All that can be done now is to pick up the pieces as best we can. The money helps. With the funds from this settlement in a Trust that will take care of David for the rest of his life, the Turnbull family’s lives are improved, at least somewhat. David can afford any kind of therapy known to medicine that might help. His family can afford to hired skilled nursing care so that they can leave the house sometimes. They can buy a wheelchair transportation van that doesn’t break down all the time, modify their house to accommodate a wheelchair, and pay off the medical bills that had mounted so high. They can take David on trips to the beach and the mountains, where he can roll into the salty waves on a specialized wheelchair or feel the mountain breeze on his cheek. David will be cared for after his parents are gone. David will never be like he was before the collision, but he may improve, and the members of his family can get their lives back.

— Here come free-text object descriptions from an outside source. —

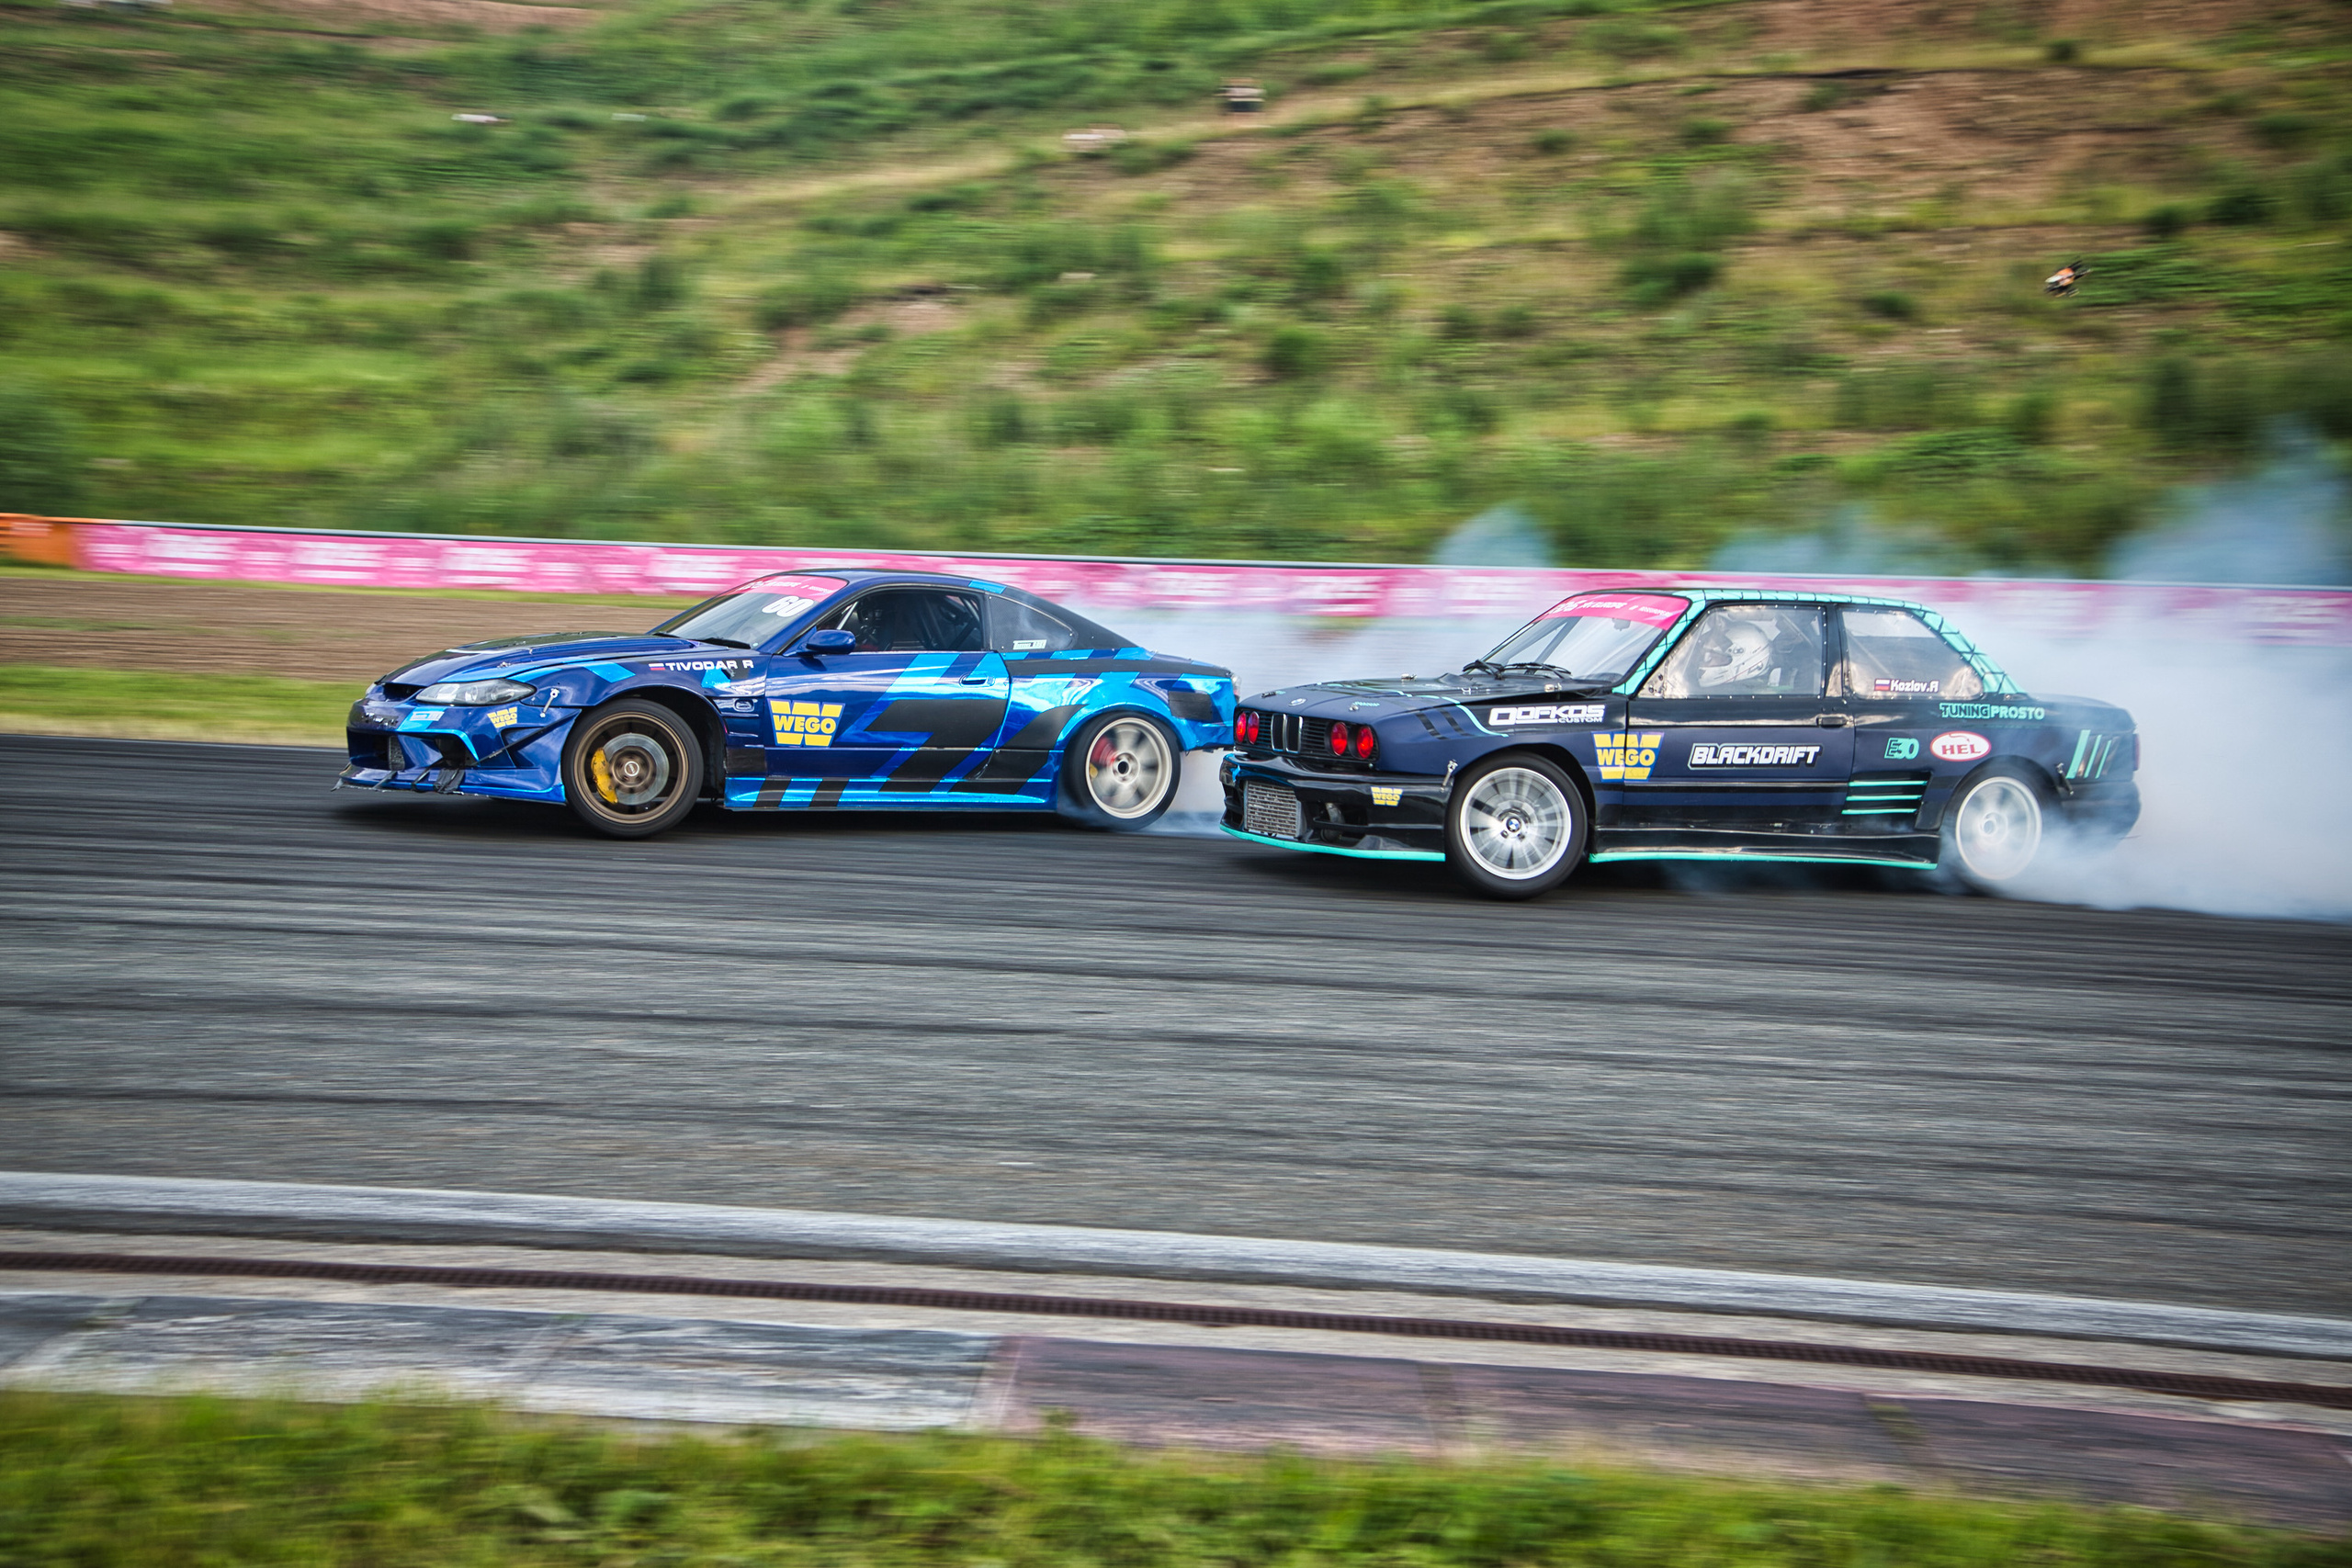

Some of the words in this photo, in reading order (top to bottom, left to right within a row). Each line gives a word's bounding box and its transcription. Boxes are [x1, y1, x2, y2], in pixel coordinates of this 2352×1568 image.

[762, 595, 814, 617] 60
[665, 660, 738, 671] TIVODAR
[742, 660, 753, 669] R
[491, 713, 517, 724] WEGO
[1939, 703, 1990, 718] TUNING
[1990, 705, 2045, 720] PROSTO
[773, 715, 836, 734] WEGO
[1691, 746, 1821, 764] BLACKDRIFT
[1884, 738, 1919, 759] E30
[1941, 743, 1982, 755] HEL
[1597, 749, 1656, 766] WEGO
[1372, 792, 1401, 801] WEGO
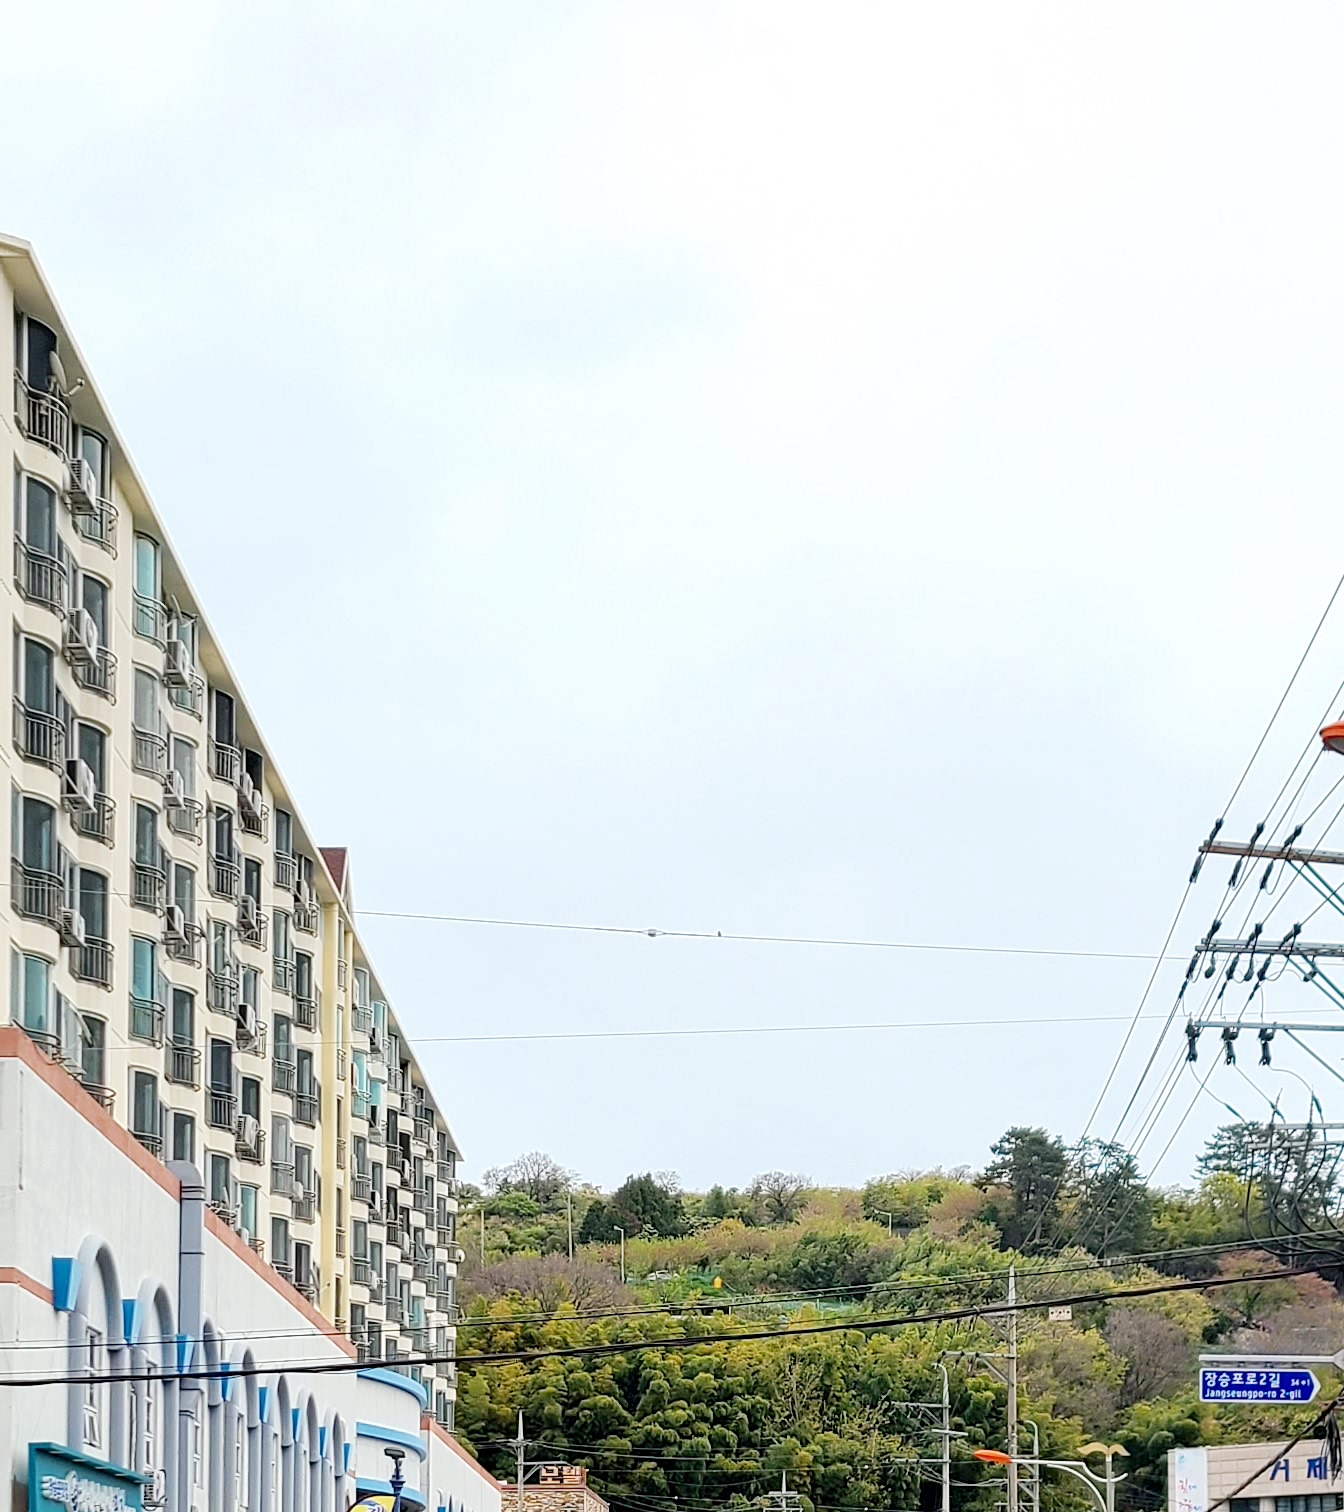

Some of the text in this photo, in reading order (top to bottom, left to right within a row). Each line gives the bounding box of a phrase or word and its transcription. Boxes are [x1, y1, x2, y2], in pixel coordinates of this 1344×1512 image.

[1204, 1372, 1281, 1388] 장승포로2길
[1204, 1388, 1302, 1400] Jangseungpo-ro 2-gil

Law isn’t an easy profession. If we hadn’t finally found an accident reconstructionist who would take David’s case, the settlement never would have occurred. If the Court had ruled against us on the Motion to Enforce, the settlement never would have occurred. If the case had gone to trial, would the jury have decided that the driver of the minivan was at fault? Or would they have blamed David, or pinned it all on the hit and run driver? We will never know.
There is a lot of uncertainty in our world. But at the end of the day, this was a good result. “The settlement of this case did a lot of good for a really good family,” said Jeb Butler, “and that is why we get up and go to work in the morning.”
David before the collision.
*For the privacy of those involved, we have changed this name and others mentioned in this article.